» WHAT IS EXPECTED: The data below calls for an exact copy.

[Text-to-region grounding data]

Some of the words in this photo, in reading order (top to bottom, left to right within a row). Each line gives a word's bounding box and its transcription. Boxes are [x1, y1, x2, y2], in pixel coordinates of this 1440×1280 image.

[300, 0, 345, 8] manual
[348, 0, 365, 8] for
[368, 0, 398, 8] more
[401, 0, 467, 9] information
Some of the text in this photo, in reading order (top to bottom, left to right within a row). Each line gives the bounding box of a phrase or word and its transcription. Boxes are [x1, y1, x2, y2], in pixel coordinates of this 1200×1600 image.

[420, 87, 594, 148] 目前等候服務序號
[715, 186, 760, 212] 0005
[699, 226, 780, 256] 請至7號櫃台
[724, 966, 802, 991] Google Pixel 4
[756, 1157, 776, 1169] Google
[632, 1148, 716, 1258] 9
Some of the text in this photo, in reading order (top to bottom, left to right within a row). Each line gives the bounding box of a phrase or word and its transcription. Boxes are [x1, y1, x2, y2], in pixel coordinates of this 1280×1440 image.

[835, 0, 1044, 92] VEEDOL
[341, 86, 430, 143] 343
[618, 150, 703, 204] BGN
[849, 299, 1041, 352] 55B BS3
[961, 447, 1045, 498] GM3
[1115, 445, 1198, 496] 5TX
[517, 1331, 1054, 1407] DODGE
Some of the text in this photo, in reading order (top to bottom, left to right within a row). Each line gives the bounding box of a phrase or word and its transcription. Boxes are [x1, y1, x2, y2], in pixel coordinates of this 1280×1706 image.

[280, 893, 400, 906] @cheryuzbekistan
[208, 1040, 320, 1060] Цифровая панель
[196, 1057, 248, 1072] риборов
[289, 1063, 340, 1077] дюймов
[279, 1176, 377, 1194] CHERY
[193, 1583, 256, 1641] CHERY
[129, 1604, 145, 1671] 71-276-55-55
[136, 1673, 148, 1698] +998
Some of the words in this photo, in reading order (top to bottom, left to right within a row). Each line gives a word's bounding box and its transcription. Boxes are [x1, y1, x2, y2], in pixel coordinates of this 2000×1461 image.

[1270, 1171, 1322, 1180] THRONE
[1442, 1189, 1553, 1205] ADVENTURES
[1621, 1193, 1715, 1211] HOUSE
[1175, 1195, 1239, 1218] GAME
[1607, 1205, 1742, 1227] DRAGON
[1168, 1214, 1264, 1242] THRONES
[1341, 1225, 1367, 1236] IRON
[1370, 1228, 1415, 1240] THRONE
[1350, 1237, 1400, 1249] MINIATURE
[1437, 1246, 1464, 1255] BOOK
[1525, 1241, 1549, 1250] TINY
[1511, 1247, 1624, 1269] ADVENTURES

» SOLUTION TO THE EXERCISE:
Some of the words in this photo, in reading order (top to bottom, left to right within a row). Each line gives a word's bounding box and its transcription. Boxes are [x1, y1, x2, y2], in pixel coordinates of this 1440×1280 image.

[300, 0, 345, 8] manual
[348, 0, 365, 8] for
[368, 0, 398, 8] more
[401, 0, 467, 9] information
Some of the text in this photo, in reading order (top to bottom, left to right within a row). Each line gives the bounding box of a phrase or word and its transcription. Boxes are [x1, y1, x2, y2], in pixel coordinates of this 1200×1600 image.

[420, 87, 594, 148] 目前等候服務序號
[715, 186, 760, 212] 0005
[699, 226, 780, 256] 請至7號櫃台
[724, 966, 802, 991] Google Pixel 4
[756, 1157, 776, 1169] Google
[632, 1148, 716, 1258] 9
Some of the text in this photo, in reading order (top to bottom, left to right within a row). Each line gives the bounding box of a phrase or word and its transcription. Boxes are [x1, y1, x2, y2], in pixel coordinates of this 1280×1440 image.

[835, 0, 1044, 92] VEEDOL
[341, 86, 430, 143] 343
[618, 150, 703, 204] BGN
[849, 299, 1041, 352] 55B BS3
[961, 447, 1045, 498] GM3
[1115, 445, 1198, 496] 5TX
[517, 1331, 1054, 1407] DODGE
Some of the text in this photo, in reading order (top to bottom, left to right within a row). Each line gives the bounding box of a phrase or word and its transcription. Boxes are [x1, y1, x2, y2], in pixel coordinates of this 1280×1706 image.

[280, 893, 400, 906] @cheryuzbekistan
[208, 1040, 320, 1060] Цифровая панель
[196, 1057, 248, 1072] риборов
[289, 1063, 340, 1077] дюймов
[279, 1176, 377, 1194] CHERY
[193, 1583, 256, 1641] CHERY
[129, 1604, 145, 1671] 71-276-55-55
[136, 1673, 148, 1698] +998
Some of the words in this photo, in reading order (top to bottom, left to right within a row). Each line gives a word's bounding box and its transcription. Boxes are [x1, y1, x2, y2], in pixel coordinates of this 2000×1461 image.

[1270, 1171, 1322, 1180] THRONE
[1442, 1189, 1553, 1205] ADVENTURES
[1621, 1193, 1715, 1211] HOUSE
[1175, 1195, 1239, 1218] GAME
[1607, 1205, 1742, 1227] DRAGON
[1168, 1214, 1264, 1242] THRONES
[1341, 1225, 1367, 1236] IRON
[1370, 1228, 1415, 1240] THRONE
[1350, 1237, 1400, 1249] MINIATURE
[1437, 1246, 1464, 1255] BOOK
[1525, 1241, 1549, 1250] TINY
[1511, 1247, 1624, 1269] ADVENTURES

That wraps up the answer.